[Source information]
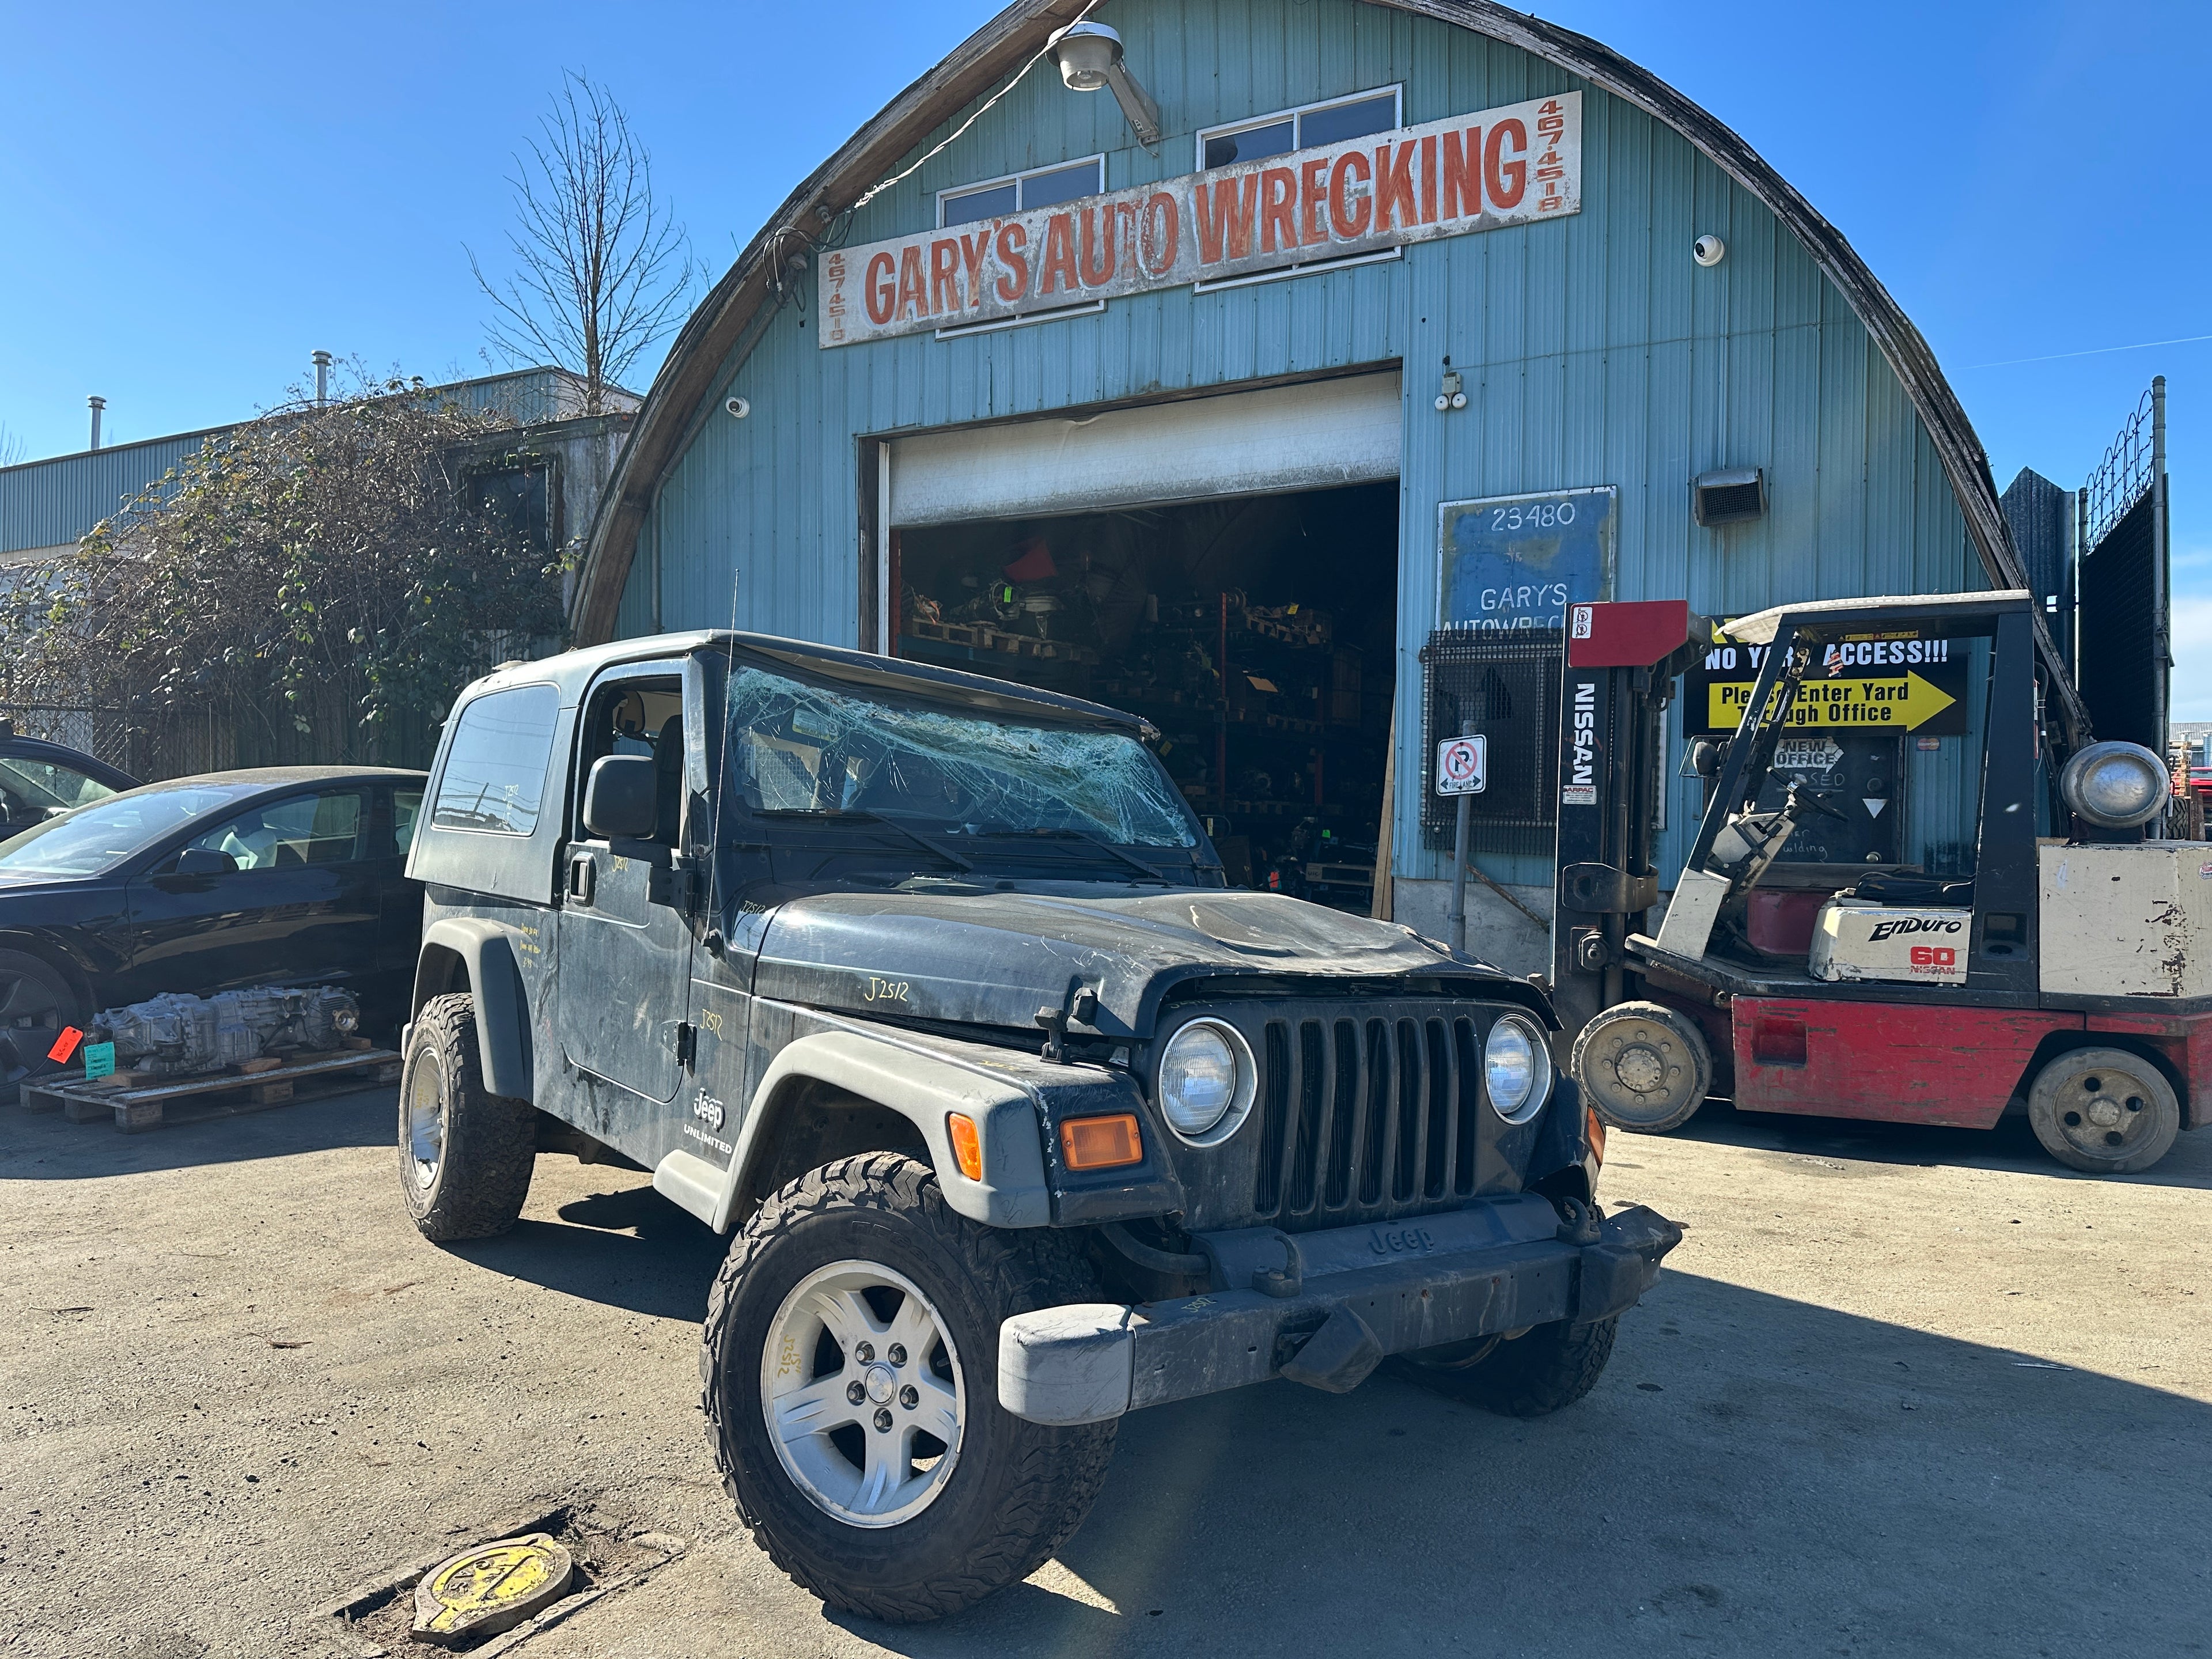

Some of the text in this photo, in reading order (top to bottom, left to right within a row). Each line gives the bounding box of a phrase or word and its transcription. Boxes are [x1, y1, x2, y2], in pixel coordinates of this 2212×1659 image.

[865, 118, 1528, 325] GARY'S AUTO WRECKING
[1491, 502, 1575, 531] 23480
[1481, 584, 1567, 610] GARY'S
[1705, 647, 1736, 670] NO
[1797, 684, 1852, 703] Enter
[1862, 683, 1908, 701] Yard
[1828, 703, 1891, 721] Office
[1572, 683, 1595, 784] NISSAN
[1785, 740, 1826, 752] NEW
[1777, 752, 1835, 766] OFFICE
[1910, 946, 1956, 965] 60
[1910, 965, 1956, 975] NISSAN
[865, 976, 909, 1002] J2512
[694, 1088, 725, 1133] Jeep
[683, 1123, 732, 1154] UNLIMITED
[1368, 1228, 1435, 1255] Jeep
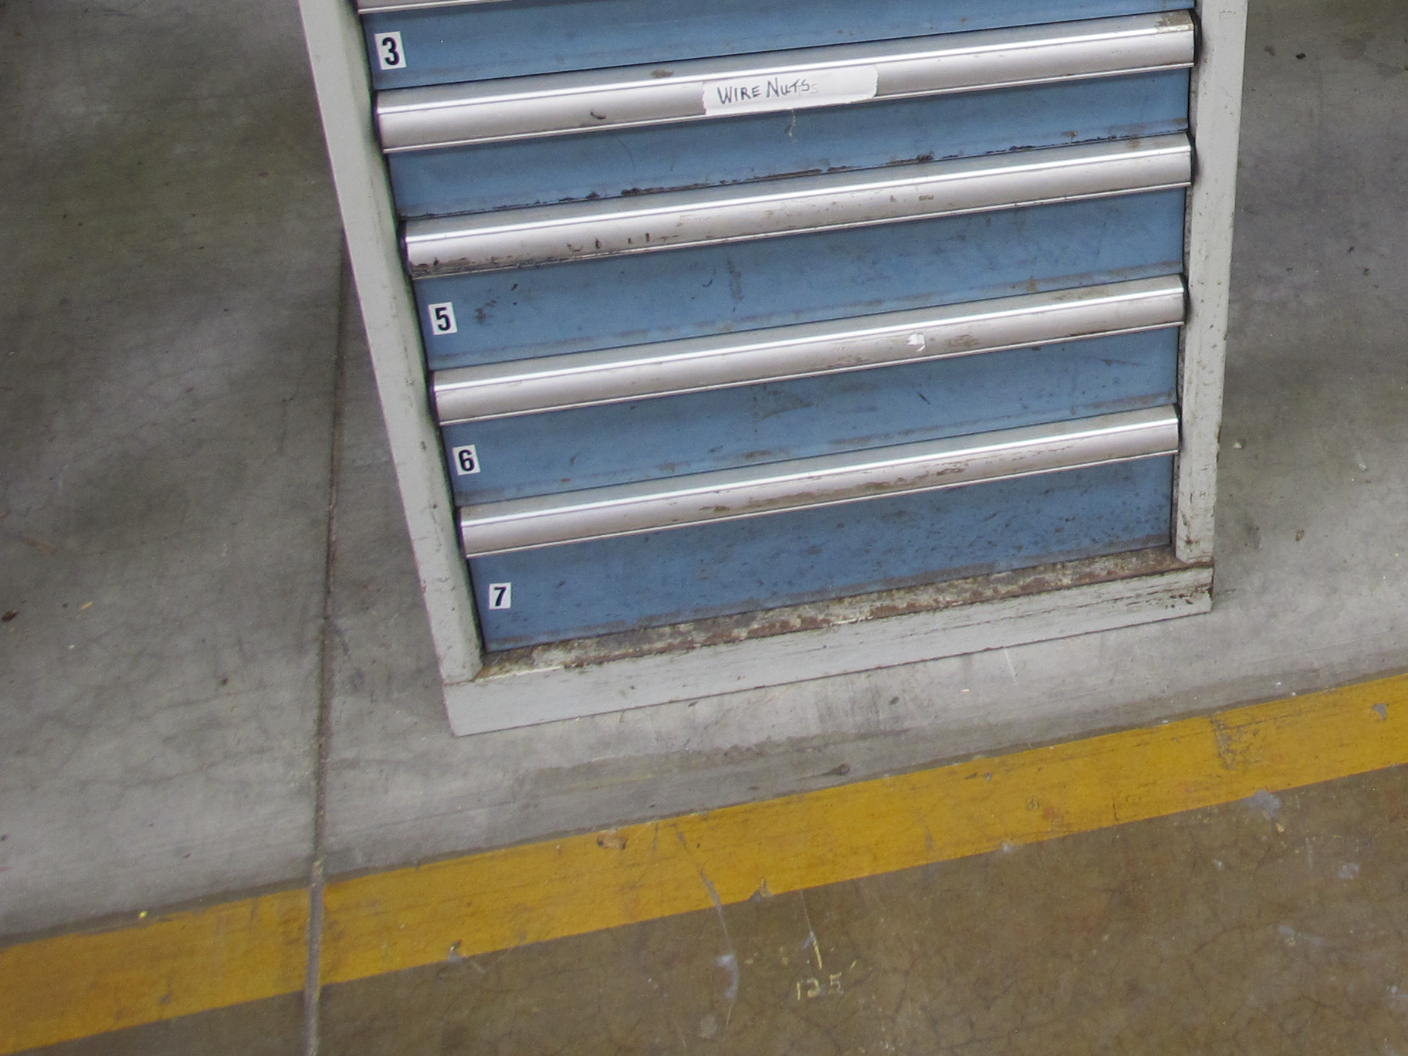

[Exercise requirements] With the pictures omitted, reproduce the data above exactly.

[Answer to this task]
Some of the text in this photo, in reading order (top to bottom, left to right within a row). Each line gives the bounding box of a phrase or word and its transcription. Boxes are [x1, y1, x2, y2], in pixel coordinates of this 2212×1659 image.

[865, 118, 1528, 325] GARY'S AUTO WRECKING
[1491, 502, 1575, 531] 23480
[1481, 584, 1567, 610] GARY'S
[1705, 647, 1736, 670] NO
[1797, 684, 1852, 703] Enter
[1862, 683, 1908, 701] Yard
[1828, 703, 1891, 721] Office
[1572, 683, 1595, 784] NISSAN
[1785, 740, 1826, 752] NEW
[1777, 752, 1835, 766] OFFICE
[1910, 946, 1956, 965] 60
[1910, 965, 1956, 975] NISSAN
[865, 976, 909, 1002] J2512
[694, 1088, 725, 1133] Jeep
[683, 1123, 732, 1154] UNLIMITED
[1368, 1228, 1435, 1255] Jeep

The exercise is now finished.